Esse contraste nos obriga a encarar uma pergunta incômoda: o que fizemos com as palavras que herdamos? Estuda para ser alguém na vida, respeite os mais velhos, não desperdice comida. Frases como essas, ditas por pais e avós, moldaram gerações. Mas, se moldaram, também exigiram deles um preço, o de colocar o futuro dos outros à frente do próprio presente. Hoje, essas palavras ecoam em casas mais silenciosas, muitas vezes sem quem as repita, porque aqueles que as disseram agora se encontram sozinhos ou sobrecarregados.


A força dessas palavras herdadas está na memória afetiva que carregam, mas também na dívida ética que nos impõem: se fomos formados por elas, somos também responsáveis por garantir que quem as disse possa viver a velhice com dignidade, liberdade e cuidado. E é aí que a sociedade brasileira ainda falha. O que significa envelhecer com dignidade em um país que ainda não aprendeu a cuidar de seus idosos? É mais do que garantir aposentadoria ou atendimento médico. É oferecer espaços para que o corpo se mova, para que a mente se expanda, para que o afeto circule. É reconhecer que a longevidade não é só um número nas estatísticas do IBGE, mas uma conquista coletiva que exige corresponsabilidade.


Se não criamos condições para que os idosos vivam com autonomia, se não fomentamos vínculos intergeracionais, se não asseguramos oportunidades para que a velhice seja também tempo de aprender e ensinar, estaremos apenas alongando a espera.


Para finalizar, na última semana de julho, despedi-me da minha tia-avó Cássia — Doraci Viesba nos registros, Tia Cássia para todos nós. Ela não teve a chance de desfrutar plenamente da velhice. Sua vida foi marcada pelo cuidado com o outro, pela atenção à comunidade, pelo olhar atento aos que nada tinham. E mesmo quando o corpo já pedia descanso, ela seguia ocupando-se mais com as necessidades alheias do que com as próprias.


Sua partida deixa um vazio imenso, mas também um legado luminoso. Tia Cássia ensinou, sem precisar de discursos, que viver em sociedade é, antes de tudo, cuidar uns dos outros.
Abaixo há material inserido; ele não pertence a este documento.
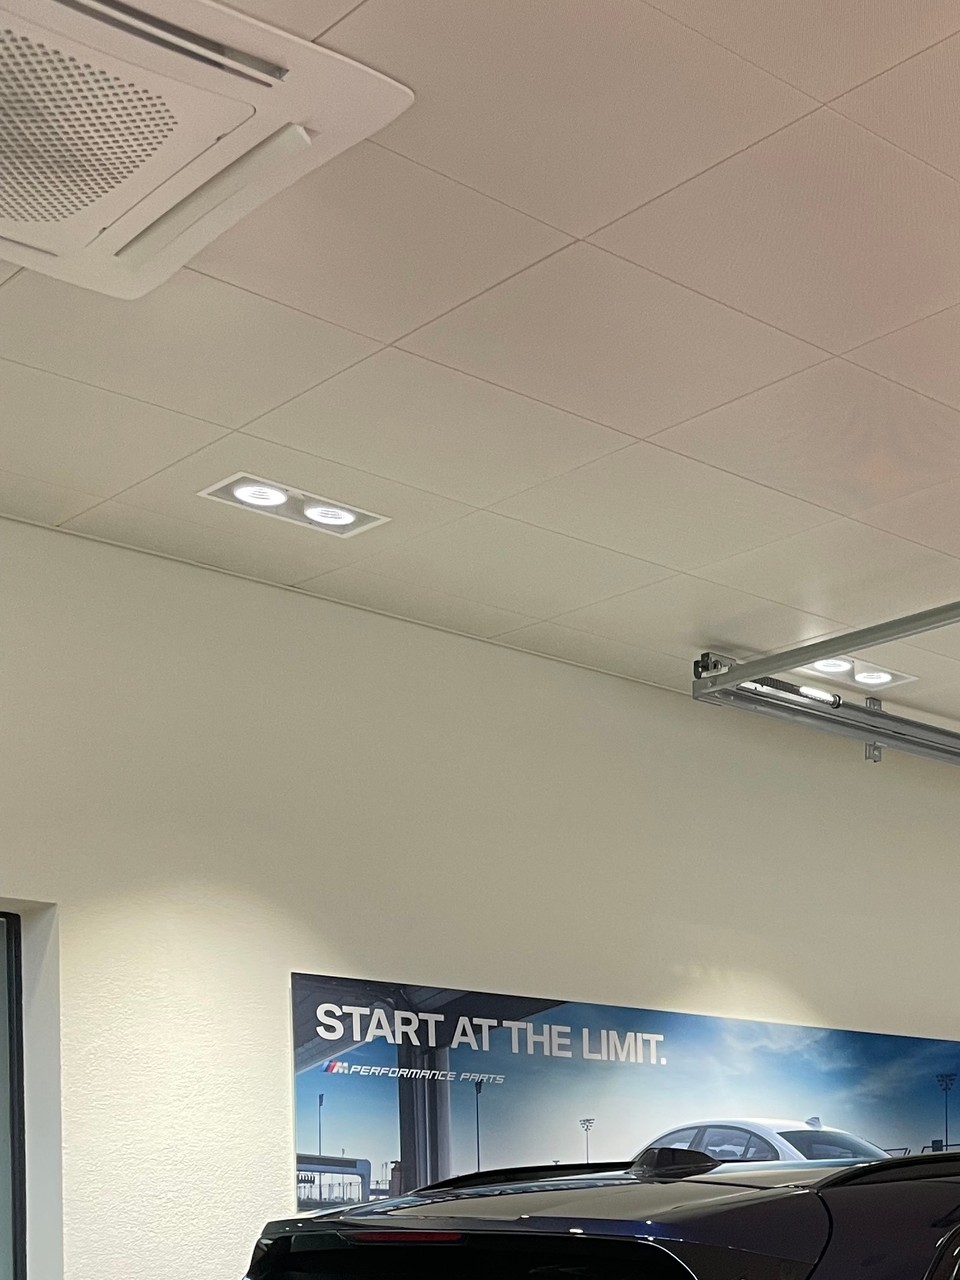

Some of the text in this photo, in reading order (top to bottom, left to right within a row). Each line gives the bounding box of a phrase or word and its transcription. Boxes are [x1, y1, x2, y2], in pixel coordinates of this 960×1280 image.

Que a política se faz no café compartilhado, que a solidariedade é mais forte quando começa na vizinhança. Ela foi ponte entre gerações, memória viva de um tempo em que a palavra dada tinha peso e a mão estendida era a primeira resposta.


Hoje, ao lembrar de suas conversas sobre política, suas observações certeiras sobre o mundo, percebo que sua herança mais valiosa não está em objetos ou bens, mas no exemplo de vida. O Brasil envelhece rápido, mas se quisermos que envelheça bem, precisaremos seguir o que ela praticou: ver no outro um compromisso, e não um peso. Assim, a saudade que ela deixa se transforma em convite, o de construirmos uma velhice digna, para todos o que aí estão, inclusive, para nós mesmos no futuro. Cássia, presente!

 

Referências

 

FIGUEIRA, O. et al. Estratégias para a promoção do envelhecimento ativo no Brasil: uma revisão integrativa. Research, Society and Development, [S.L.], v. 9, n. 10, p. 1-15, 23 set. 2020. Research, Society and Development.

 

MAIA, L. C. et al. Robust older adults in primary care: factors associated with successful aging. Revista de Saúde Pública, v. 54, p. 35, 2020.